### PROVIDED ENTRIES
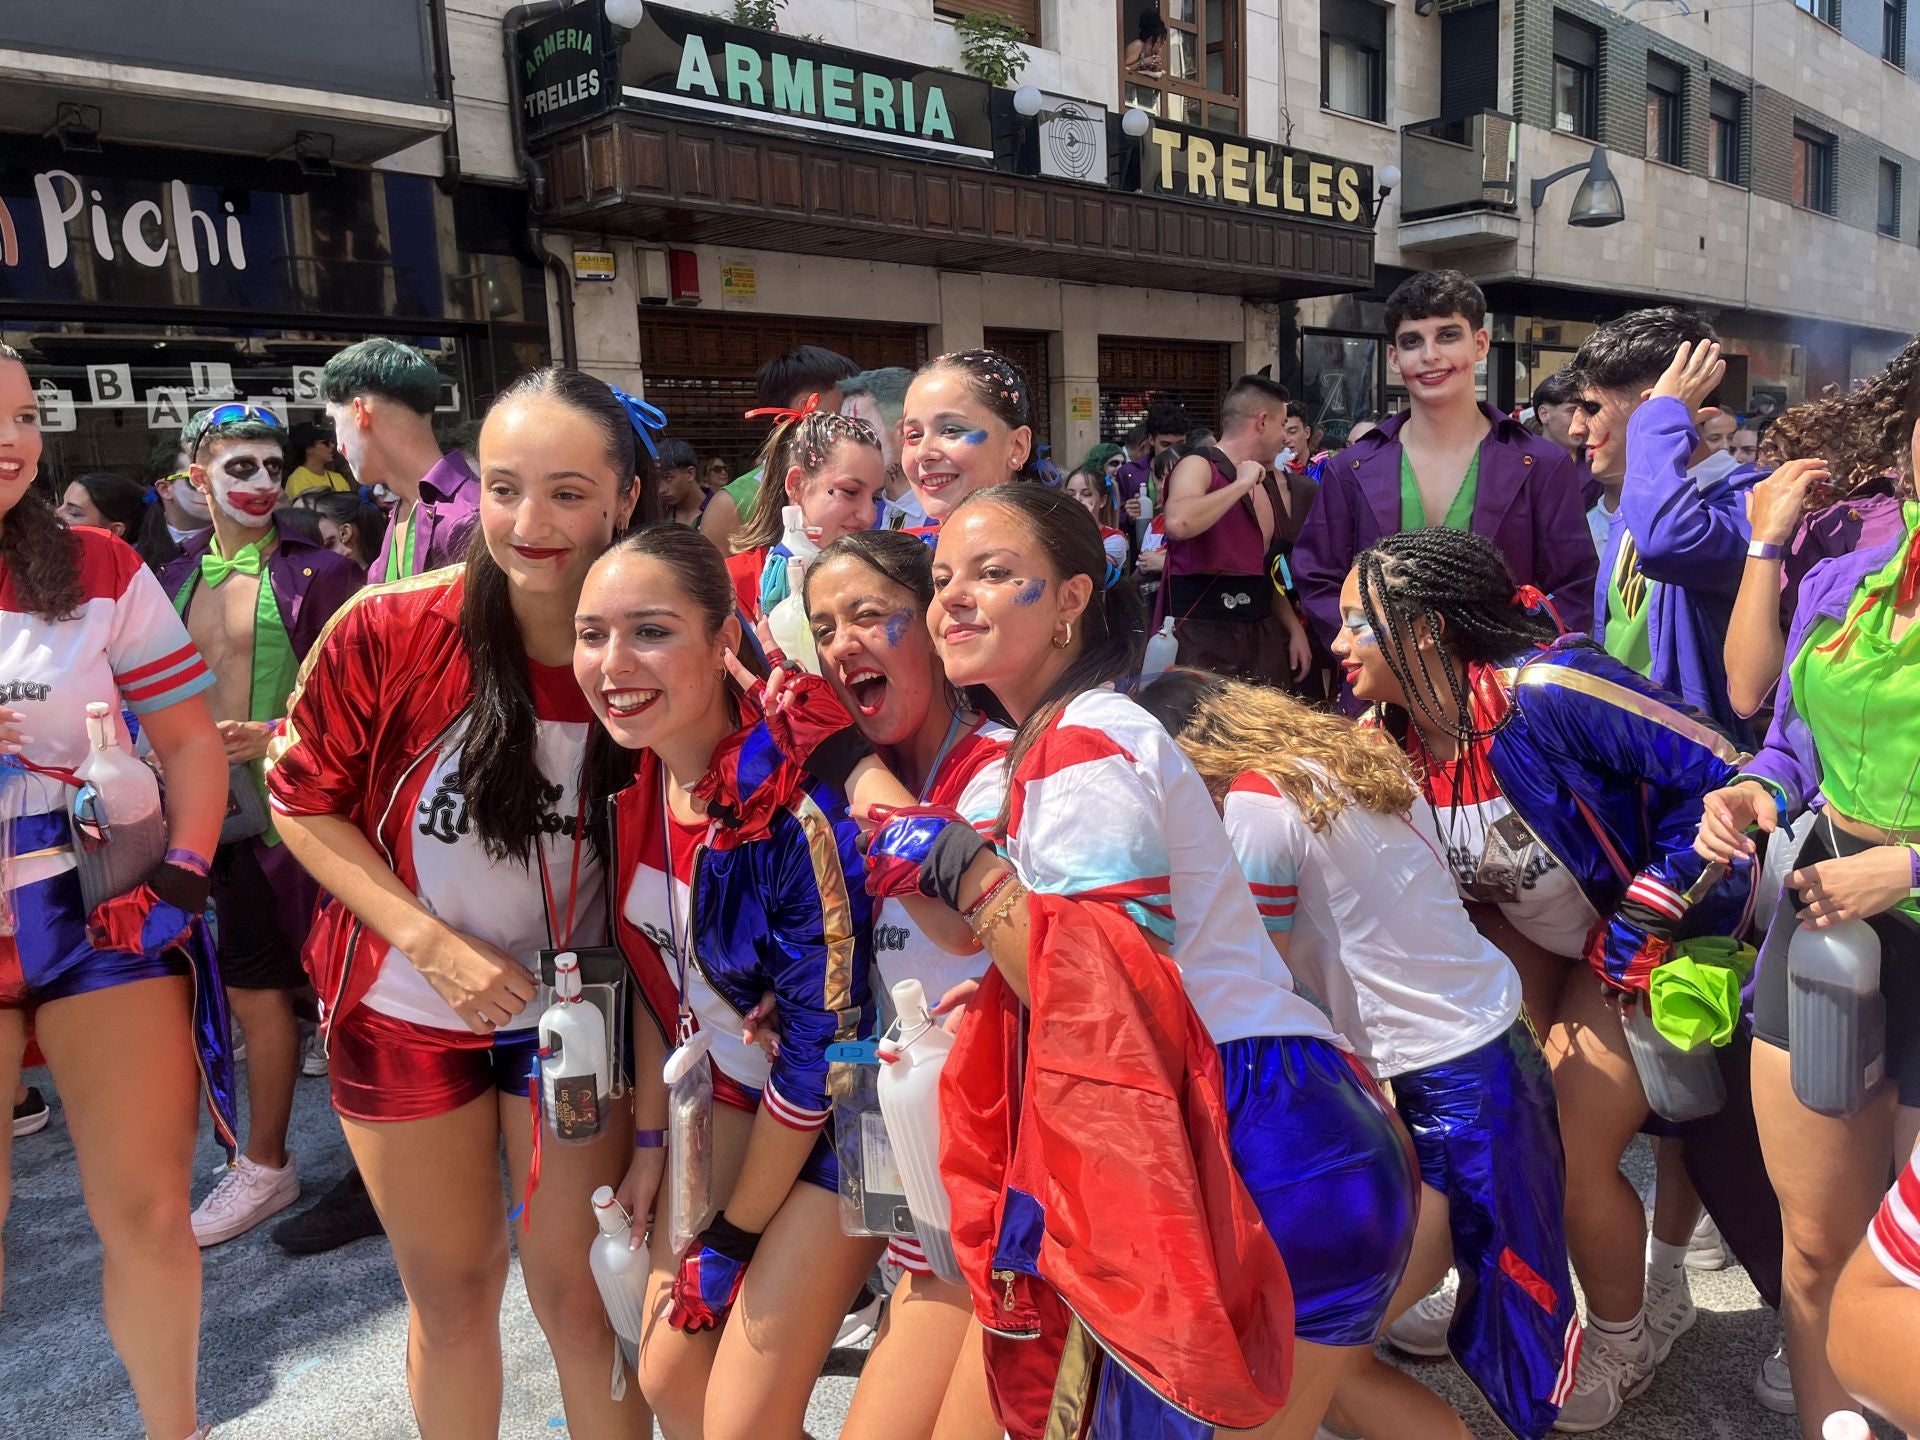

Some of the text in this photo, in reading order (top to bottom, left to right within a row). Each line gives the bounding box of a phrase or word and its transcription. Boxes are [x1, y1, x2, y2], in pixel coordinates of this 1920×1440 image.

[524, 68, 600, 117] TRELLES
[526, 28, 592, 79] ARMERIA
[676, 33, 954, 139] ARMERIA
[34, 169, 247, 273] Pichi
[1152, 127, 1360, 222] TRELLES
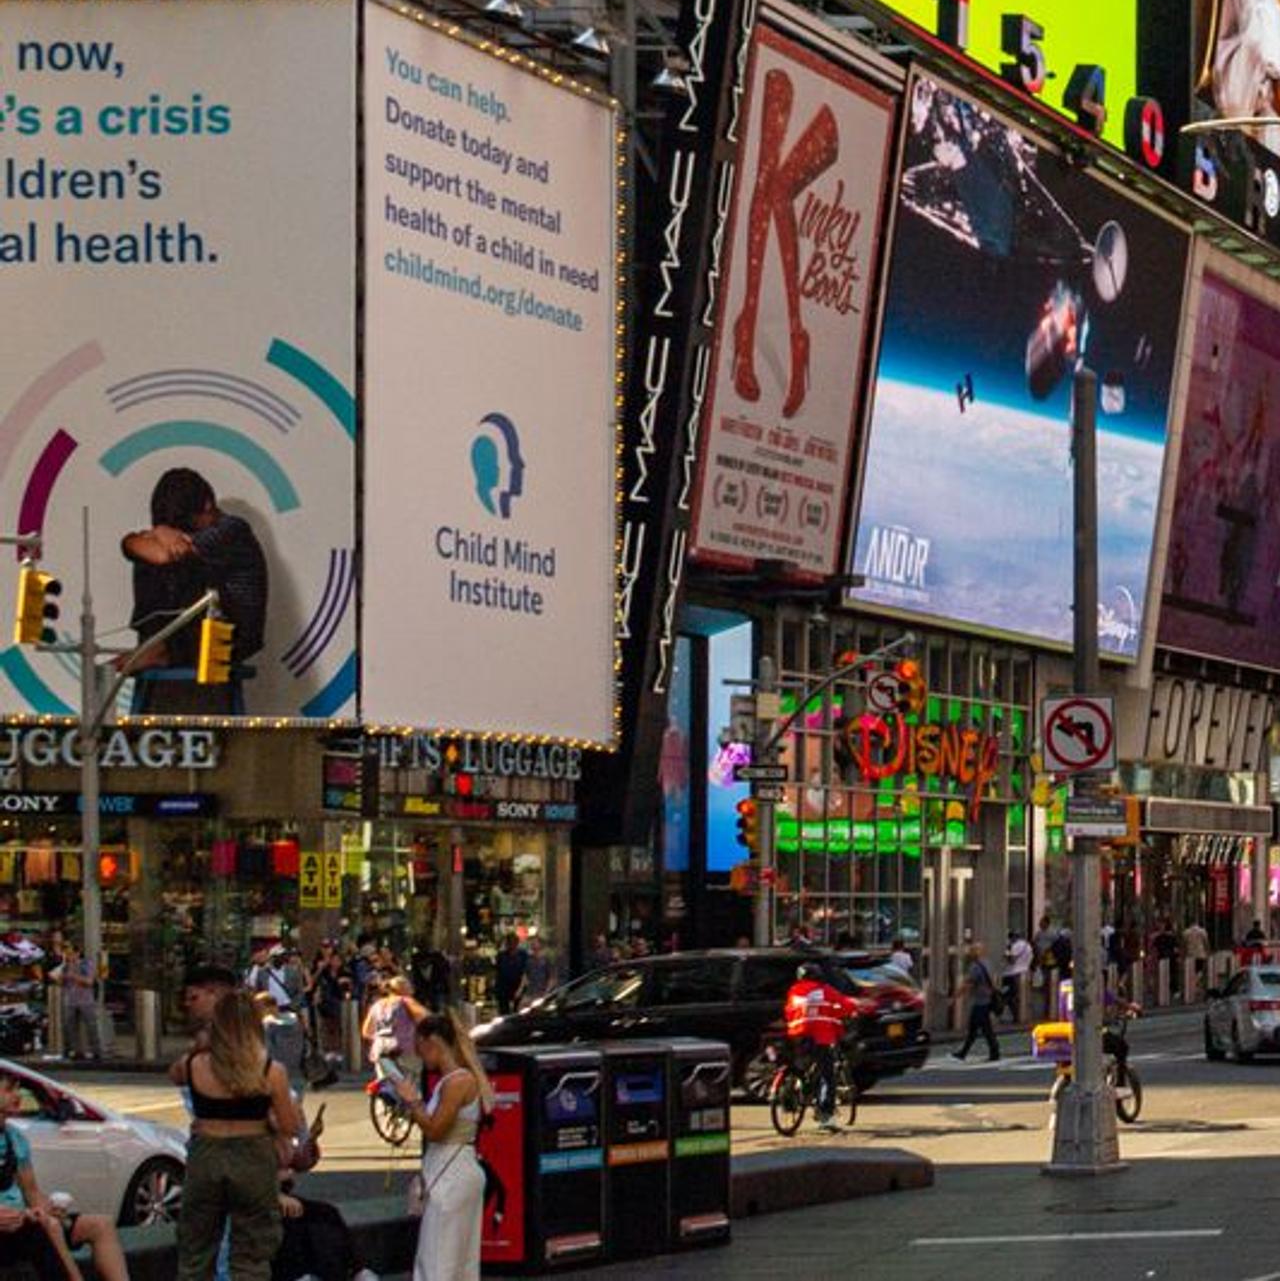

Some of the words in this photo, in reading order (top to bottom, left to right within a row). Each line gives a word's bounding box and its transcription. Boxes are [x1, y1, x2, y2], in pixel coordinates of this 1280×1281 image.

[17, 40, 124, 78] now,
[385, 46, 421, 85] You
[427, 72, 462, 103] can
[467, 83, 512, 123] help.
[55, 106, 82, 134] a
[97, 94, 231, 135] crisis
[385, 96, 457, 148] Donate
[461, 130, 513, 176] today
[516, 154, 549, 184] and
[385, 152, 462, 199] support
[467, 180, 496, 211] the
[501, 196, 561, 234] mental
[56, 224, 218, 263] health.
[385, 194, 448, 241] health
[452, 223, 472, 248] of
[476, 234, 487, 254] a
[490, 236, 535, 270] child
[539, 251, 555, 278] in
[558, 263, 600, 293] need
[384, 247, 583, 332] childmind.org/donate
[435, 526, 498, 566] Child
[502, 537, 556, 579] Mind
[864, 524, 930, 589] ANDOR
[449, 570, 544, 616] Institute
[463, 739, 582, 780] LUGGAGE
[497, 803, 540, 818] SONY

### EXERCISE AIM
From the first line to the last, copy the records exactly and skip the pictures.

### SOLVED EXERCISE
Some of the text in this photo, in reading order (top to bottom, left to right within a row). Each line gives the bounding box of a phrase or word and its transcription. Boxes are [x1, y1, x2, y2], in pixel coordinates of this 1920×1440 image.

[524, 68, 600, 117] TRELLES
[526, 28, 592, 79] ARMERIA
[676, 33, 954, 139] ARMERIA
[34, 169, 247, 273] Pichi
[1152, 127, 1360, 222] TRELLES

Some of the words in this photo, in reading order (top to bottom, left to right within a row). Each line gives a word's bounding box and its transcription. Boxes are [x1, y1, x2, y2], in pixel coordinates of this 1280×1281 image.

[17, 40, 124, 78] now,
[385, 46, 421, 85] You
[427, 72, 462, 103] can
[467, 83, 512, 123] help.
[55, 106, 82, 134] a
[97, 94, 231, 135] crisis
[385, 96, 457, 148] Donate
[461, 130, 513, 176] today
[516, 154, 549, 184] and
[385, 152, 462, 199] support
[467, 180, 496, 211] the
[501, 196, 561, 234] mental
[56, 224, 218, 263] health.
[385, 194, 448, 241] health
[452, 223, 472, 248] of
[476, 234, 487, 254] a
[490, 236, 535, 270] child
[539, 251, 555, 278] in
[558, 263, 600, 293] need
[384, 247, 583, 332] childmind.org/donate
[435, 526, 498, 566] Child
[502, 537, 556, 579] Mind
[864, 524, 930, 589] ANDOR
[449, 570, 544, 616] Institute
[463, 739, 582, 780] LUGGAGE
[497, 803, 540, 818] SONY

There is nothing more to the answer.